▸ **EXERCISE DETAILS**
Leaving out all pictures, restate word for word the lines from the one with "this 1920×1440 image." through the last line of the entries.

▸ **PROVIDED DATA**
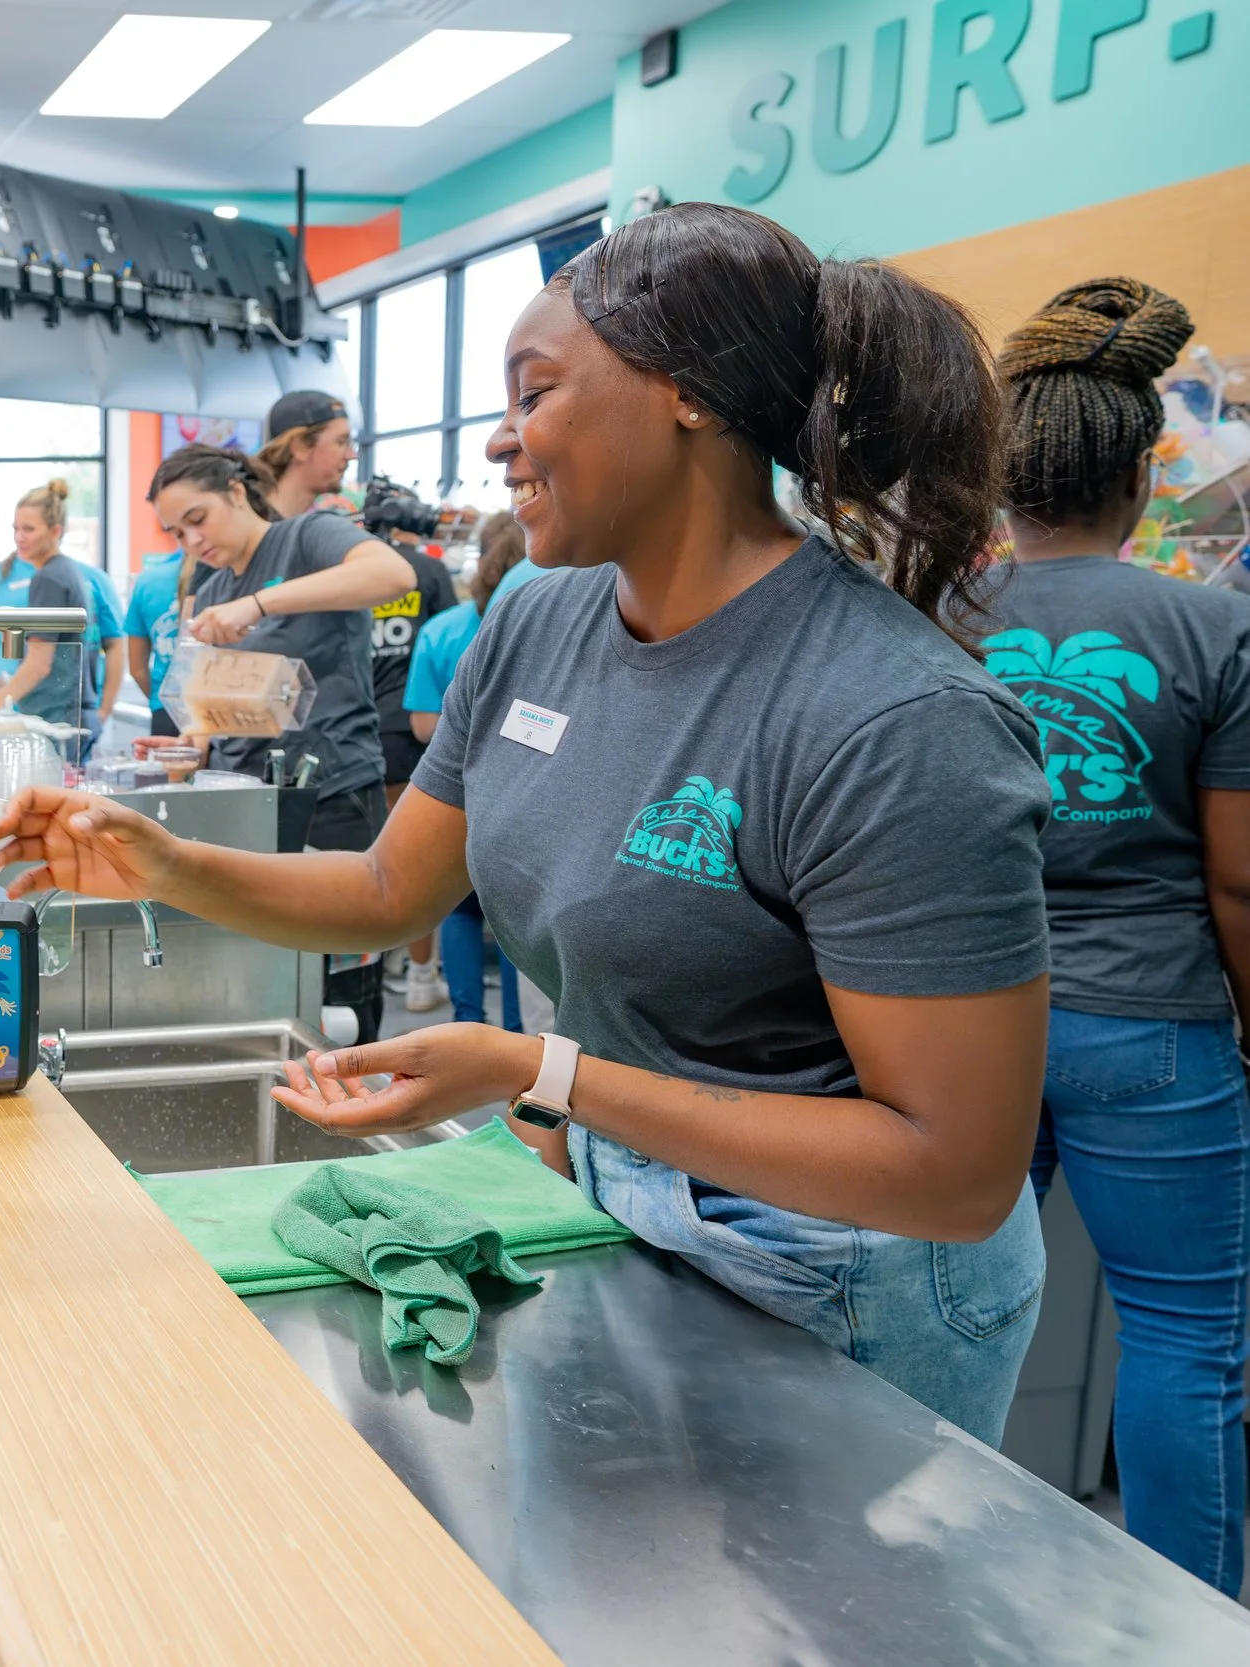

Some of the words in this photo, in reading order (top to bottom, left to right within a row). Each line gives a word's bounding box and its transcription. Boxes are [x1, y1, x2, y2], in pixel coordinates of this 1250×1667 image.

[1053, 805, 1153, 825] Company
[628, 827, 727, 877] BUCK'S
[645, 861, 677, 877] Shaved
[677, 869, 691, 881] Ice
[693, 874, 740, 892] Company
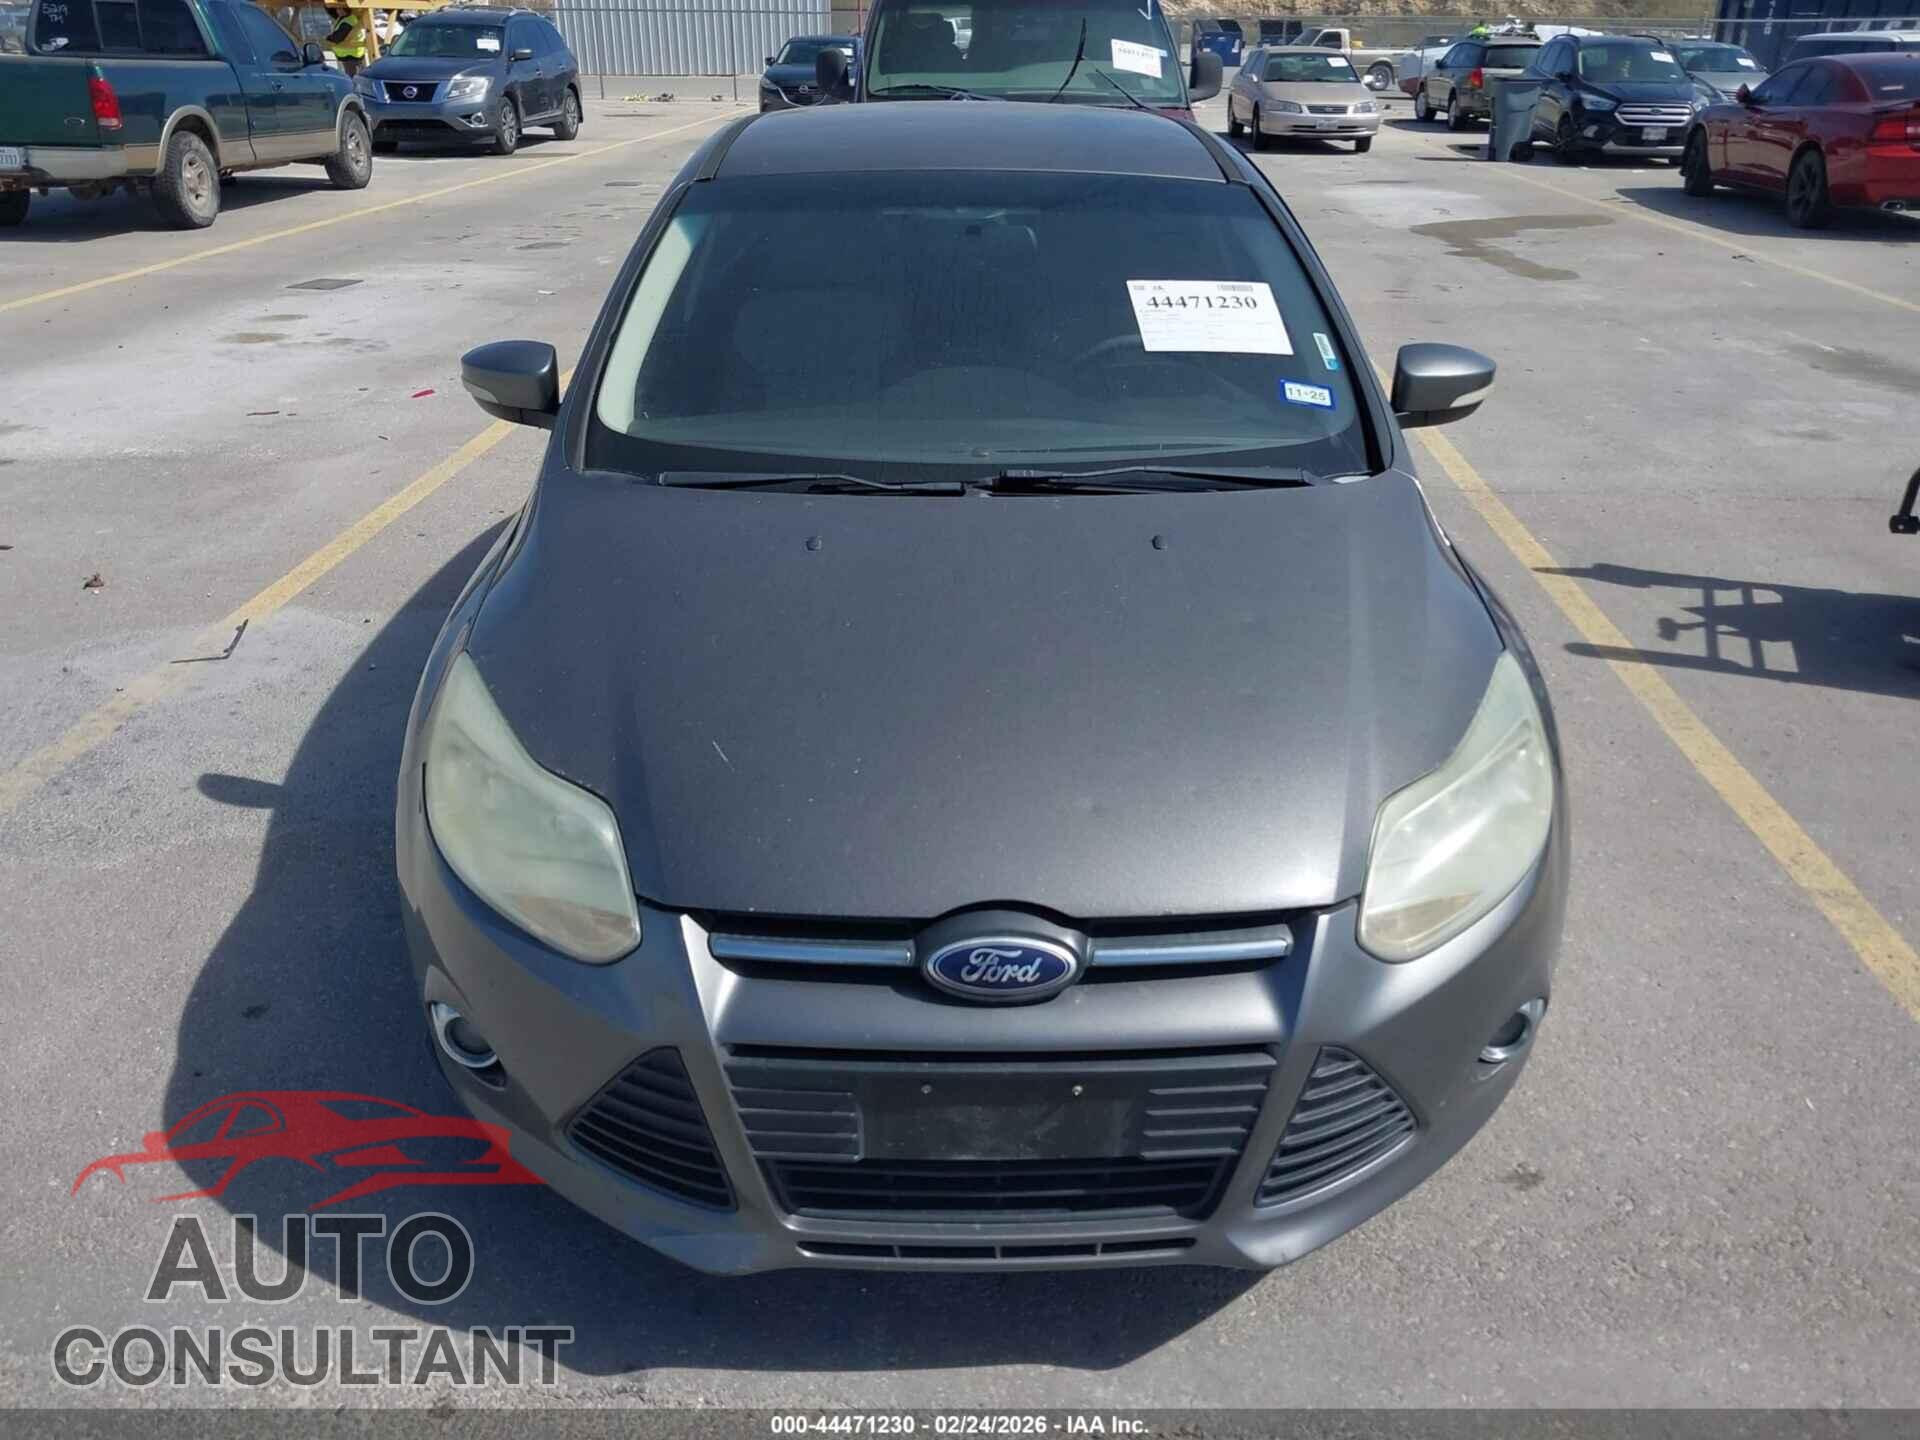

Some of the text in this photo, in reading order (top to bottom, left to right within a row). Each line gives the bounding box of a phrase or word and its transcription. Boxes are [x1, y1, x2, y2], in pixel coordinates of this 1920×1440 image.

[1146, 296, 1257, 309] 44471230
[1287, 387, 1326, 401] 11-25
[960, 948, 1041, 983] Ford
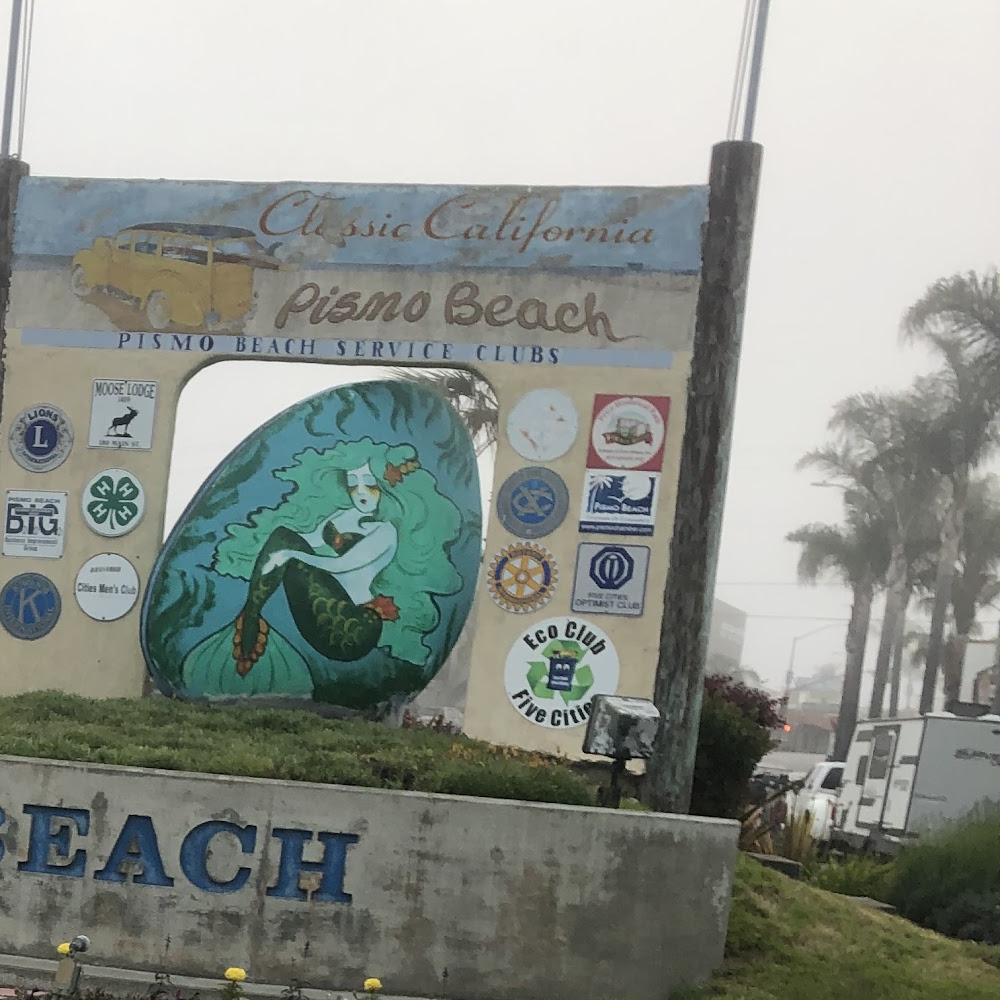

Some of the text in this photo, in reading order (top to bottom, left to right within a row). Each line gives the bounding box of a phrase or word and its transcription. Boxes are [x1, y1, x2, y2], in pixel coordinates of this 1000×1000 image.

▸ **RESULT**
Some of the text in this photo, in reading order (top to bottom, left to right within a row). Each line gives the bounding box of a phrase or word and its transcription. Boxes are [x1, y1, x2, y2], in pixel coordinates of this 1920×1440 image.

[1146, 296, 1257, 309] 44471230
[1287, 387, 1326, 401] 11-25
[960, 948, 1041, 983] Ford

Some of the text in this photo, in reading order (top to bottom, left to right within a row). Each line gives the bounding box of a phrase or word and its transcription. Boxes are [x1, y1, x2, y2], in pixel coordinates of this 1000×1000 image.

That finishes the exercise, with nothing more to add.